Aside from the URL, the other two pieces of information that must be supplied when creating a Azure Storage account are the Location/Affinity Group and Replication options desired. By default, the Location/Affinity group options will only include Location (the data center in which your data will reside), but you have the ability in the Management Portal to create logical containers called Affinity Groups. Affinity Groups are used to instruct Azure that certain Compute and Storage resources should be grouped close to each other within the data center in order to reduce the network hops between them, reducing transfer cost and latency. Replication options determine how the data is replicated to balance performance, cost, and durability. These include the following:

  • Geo-redundant: This option is selected by default and specifies that the data is replicated to a geographically separated data center in addition to having multiple copies (three to be precise) stored within the local data center. The copying of the data between data centers provides protection against losing data if a man-made or natural disaster were to destroy the local data center or data housed there.
  • Read access geo-redundant: This option is similar to the geo-redundant option but adds the ability to provide direct read-only access to the copies of the data housed on the separate store.

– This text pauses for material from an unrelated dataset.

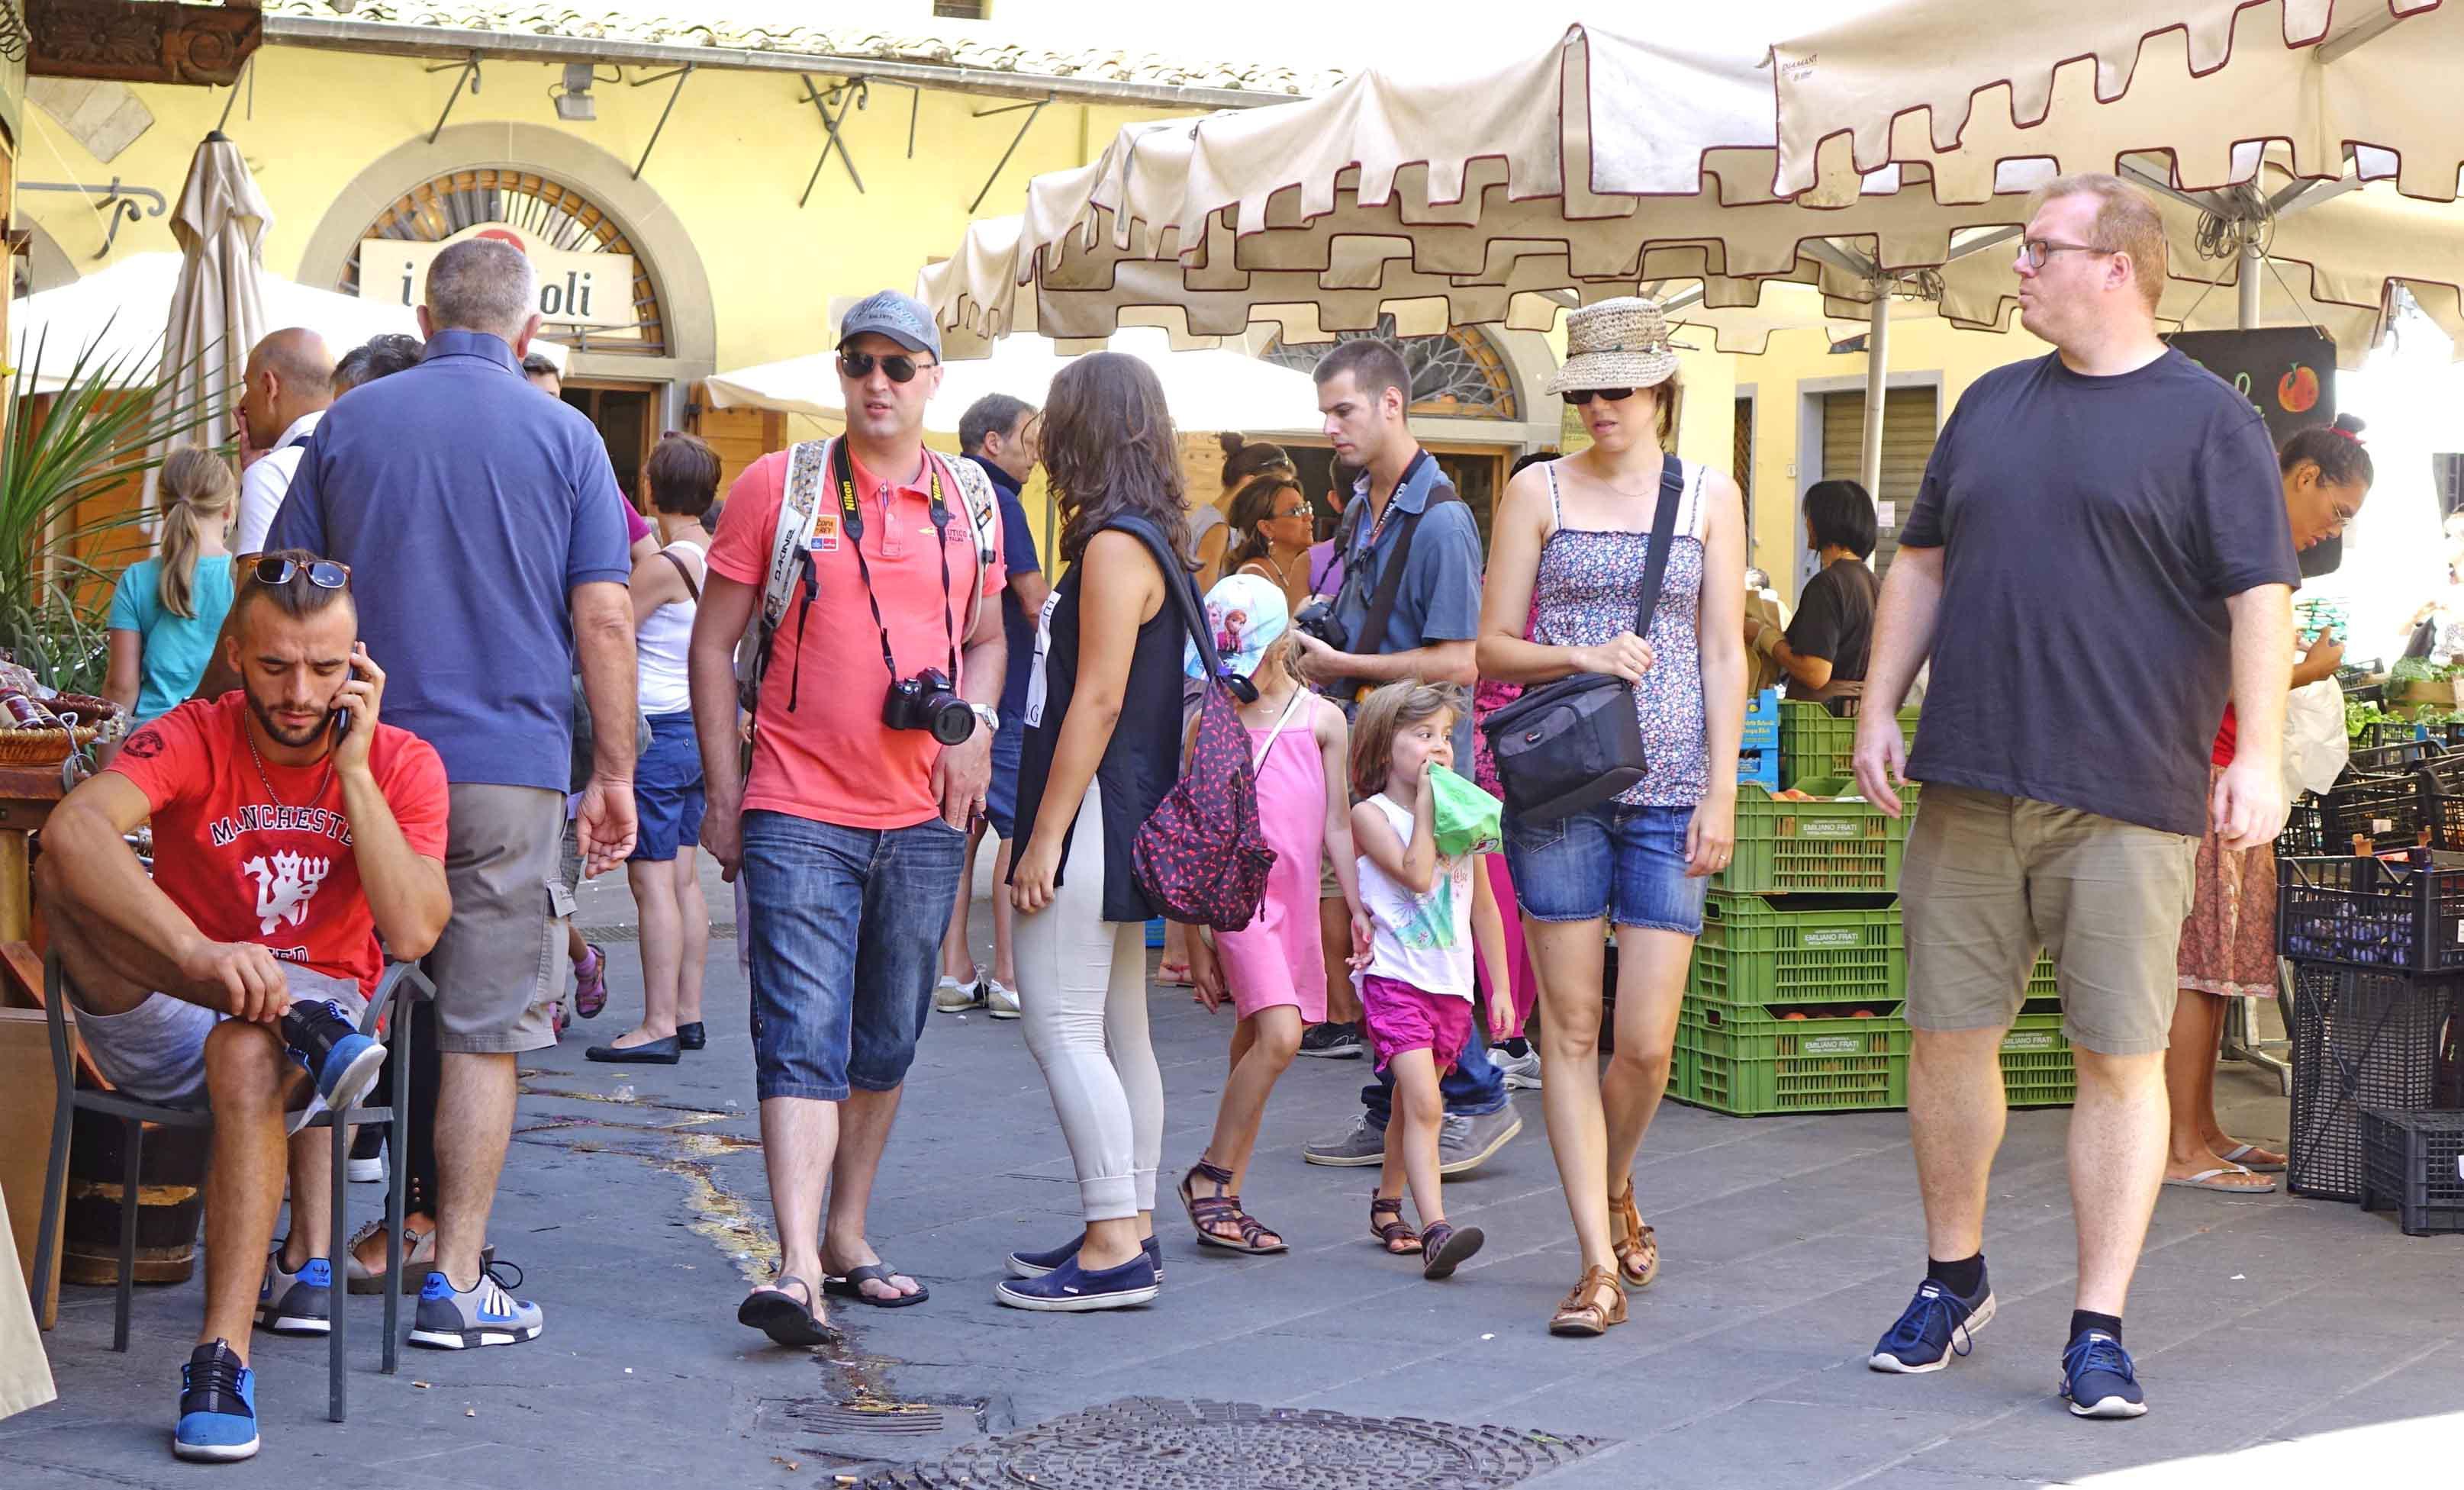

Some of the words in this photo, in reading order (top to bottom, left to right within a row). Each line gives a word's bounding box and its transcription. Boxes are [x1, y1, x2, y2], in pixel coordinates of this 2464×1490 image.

[401, 261, 414, 307] i
[842, 481, 856, 511] Nikon
[946, 528, 968, 539] UTICO

This can provide fault tolerance and allow for load balancing across the resources.
  • Locally redundant: This option provides the option to forego the replication of the data to a secondary data center. While this may seem undesirable (there’s a reason why it is not the default), in certain circumstances applications may not require the additional redundancy. This option offers a discounted pricing structure over geo-replicated storage. Additionally, data transfer using a locally redundant account is faster than that of a geo-replicated account.

When you know the configuration options that you will specify for your Storage account, you can provision the account by selecting the “NEW” command in the Azure Management Portal and navigating the menu hierarchy to “Data Services…Storage…Quick Create.” Specify the desired options and select “Create Storage Account” and Azure will provision your new storage account.

Other Services

SQL Database, Service Bus Queues or any of the other services offered on the Azure platform can be provisioned for use by your application by selecting the “NEW” command in the Azure Management Portal, navigating the hierarchy to find the service, and then following intuitive wizards intended to gather configuration options for the provisioned service.

Summary

In this chapter, you learned how to make services available within your Azure account. Depending on the options selected, many of the services that you may have created will not yet be useful or be in a state where you would want anyone to come visit your website. In the coming chapter, you will learn how to develop and deploy content and code to be hosted within these services.